Andrea L. Graham is a Professor of Ecology and Evolutionary Biology at Princeton University, where she has been a faculty member since 2009. She is also affiliated with the Center for Health & Well-Being and the High Meadows Environmental Institute at Princeton and holds an External Faculty position at the Santa Fe Institute. Graham earned her Ph.D. in Ecology and Evolutionary Biology from Cornell University.
Graham is an evolutionary ecologist with strong interests in the processes that drive heterogeneity in hosts, parasites, and diseases. Her lab aims to understand how natural selection has shaped strategies for both host defense and parasite transmission. They are especially interested in discovering why hosts are so heterogeneous in immune responsiveness. Their laboratory methods will be familiar to immunologists, but their questions as well as our quantitative methods are drawn from evolutionary ecology.
Of the myriad molecules that power the mammalian immune system, their favorites are cytokines and antibodies. Cytokines are intercellular signalling molecules that determine the type and magnitude of parasite-killing mechanisms enabled; antibodies are among the most potent and specific of those mechanisms. Thanks to excellent recent graduate alumnae, they study defense mechanisms of insect hosts, too. They assess effects of strong responses upon both host and parasite fitness, and the selection pressures that shape speed and specificity of responses.

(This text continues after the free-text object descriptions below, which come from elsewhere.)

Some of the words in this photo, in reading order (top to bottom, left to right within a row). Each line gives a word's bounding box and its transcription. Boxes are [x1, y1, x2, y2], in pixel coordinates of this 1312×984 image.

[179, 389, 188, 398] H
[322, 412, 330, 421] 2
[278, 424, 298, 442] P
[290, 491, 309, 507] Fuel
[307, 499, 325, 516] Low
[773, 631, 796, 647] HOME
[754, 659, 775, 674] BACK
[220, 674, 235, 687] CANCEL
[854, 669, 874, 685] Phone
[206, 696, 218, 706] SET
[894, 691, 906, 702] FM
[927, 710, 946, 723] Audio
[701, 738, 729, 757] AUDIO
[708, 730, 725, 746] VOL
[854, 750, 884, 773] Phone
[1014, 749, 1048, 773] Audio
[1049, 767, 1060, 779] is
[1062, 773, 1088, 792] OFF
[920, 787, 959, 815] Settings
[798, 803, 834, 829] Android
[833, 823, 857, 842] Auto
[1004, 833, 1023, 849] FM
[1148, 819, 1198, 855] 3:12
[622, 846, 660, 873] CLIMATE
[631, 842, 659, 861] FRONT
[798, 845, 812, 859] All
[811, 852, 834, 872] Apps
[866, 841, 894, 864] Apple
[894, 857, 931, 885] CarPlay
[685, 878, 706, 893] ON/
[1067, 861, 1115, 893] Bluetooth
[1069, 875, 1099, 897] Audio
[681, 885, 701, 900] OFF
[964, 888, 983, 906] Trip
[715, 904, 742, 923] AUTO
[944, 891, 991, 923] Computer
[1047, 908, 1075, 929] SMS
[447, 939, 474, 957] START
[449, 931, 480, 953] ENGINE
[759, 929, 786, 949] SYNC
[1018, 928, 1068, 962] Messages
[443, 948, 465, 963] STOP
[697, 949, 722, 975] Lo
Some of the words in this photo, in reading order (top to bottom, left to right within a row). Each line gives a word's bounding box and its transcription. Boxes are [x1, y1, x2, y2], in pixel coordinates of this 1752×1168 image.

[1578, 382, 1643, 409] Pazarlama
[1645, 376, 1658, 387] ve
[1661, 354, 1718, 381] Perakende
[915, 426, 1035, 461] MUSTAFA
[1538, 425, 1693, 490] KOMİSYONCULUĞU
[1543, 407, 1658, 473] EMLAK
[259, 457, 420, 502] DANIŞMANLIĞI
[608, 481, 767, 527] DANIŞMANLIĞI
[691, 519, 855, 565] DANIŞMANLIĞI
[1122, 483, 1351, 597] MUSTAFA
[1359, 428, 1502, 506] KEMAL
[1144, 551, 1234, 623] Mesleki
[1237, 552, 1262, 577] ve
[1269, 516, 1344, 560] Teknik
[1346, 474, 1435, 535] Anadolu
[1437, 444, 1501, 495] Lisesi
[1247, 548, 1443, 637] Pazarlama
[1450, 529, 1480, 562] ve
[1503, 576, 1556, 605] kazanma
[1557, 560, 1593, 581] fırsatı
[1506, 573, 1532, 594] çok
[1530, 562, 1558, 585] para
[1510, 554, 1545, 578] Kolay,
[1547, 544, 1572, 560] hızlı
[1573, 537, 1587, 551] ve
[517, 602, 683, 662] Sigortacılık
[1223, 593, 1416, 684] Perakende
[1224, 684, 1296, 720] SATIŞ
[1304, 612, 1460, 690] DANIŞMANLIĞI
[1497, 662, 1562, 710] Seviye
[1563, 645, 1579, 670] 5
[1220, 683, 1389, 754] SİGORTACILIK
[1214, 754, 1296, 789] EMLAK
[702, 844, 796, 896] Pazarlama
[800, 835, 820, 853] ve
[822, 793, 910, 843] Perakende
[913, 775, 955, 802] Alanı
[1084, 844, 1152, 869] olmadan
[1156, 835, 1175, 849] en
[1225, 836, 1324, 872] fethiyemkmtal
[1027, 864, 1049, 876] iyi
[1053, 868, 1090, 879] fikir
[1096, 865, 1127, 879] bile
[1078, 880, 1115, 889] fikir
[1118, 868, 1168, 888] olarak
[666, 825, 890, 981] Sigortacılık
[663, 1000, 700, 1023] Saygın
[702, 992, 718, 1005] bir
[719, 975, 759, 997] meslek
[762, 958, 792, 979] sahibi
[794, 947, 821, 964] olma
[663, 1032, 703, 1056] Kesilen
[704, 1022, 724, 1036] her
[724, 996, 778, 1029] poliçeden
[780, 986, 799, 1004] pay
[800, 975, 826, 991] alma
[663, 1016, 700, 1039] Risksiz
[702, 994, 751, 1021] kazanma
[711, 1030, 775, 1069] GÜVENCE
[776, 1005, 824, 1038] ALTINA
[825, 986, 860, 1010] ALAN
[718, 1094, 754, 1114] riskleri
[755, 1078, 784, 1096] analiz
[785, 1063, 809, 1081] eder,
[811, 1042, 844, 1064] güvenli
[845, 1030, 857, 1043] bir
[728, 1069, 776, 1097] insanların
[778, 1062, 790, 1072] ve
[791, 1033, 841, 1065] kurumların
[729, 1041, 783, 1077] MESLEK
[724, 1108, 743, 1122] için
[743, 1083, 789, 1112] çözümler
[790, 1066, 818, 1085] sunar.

Throughout her career, Graham has received numerous accolades, including being elected a Fellow of the American Association for the Advancement of Science and being named a Fellow by the Kavli Foundation and U.S. National Academy of Sciences. She has also held prestigious fellowships, such as the David Phillips Research Fellowship at the University of Edinburgh and the Leverhulme Trust Early Career Fellowship.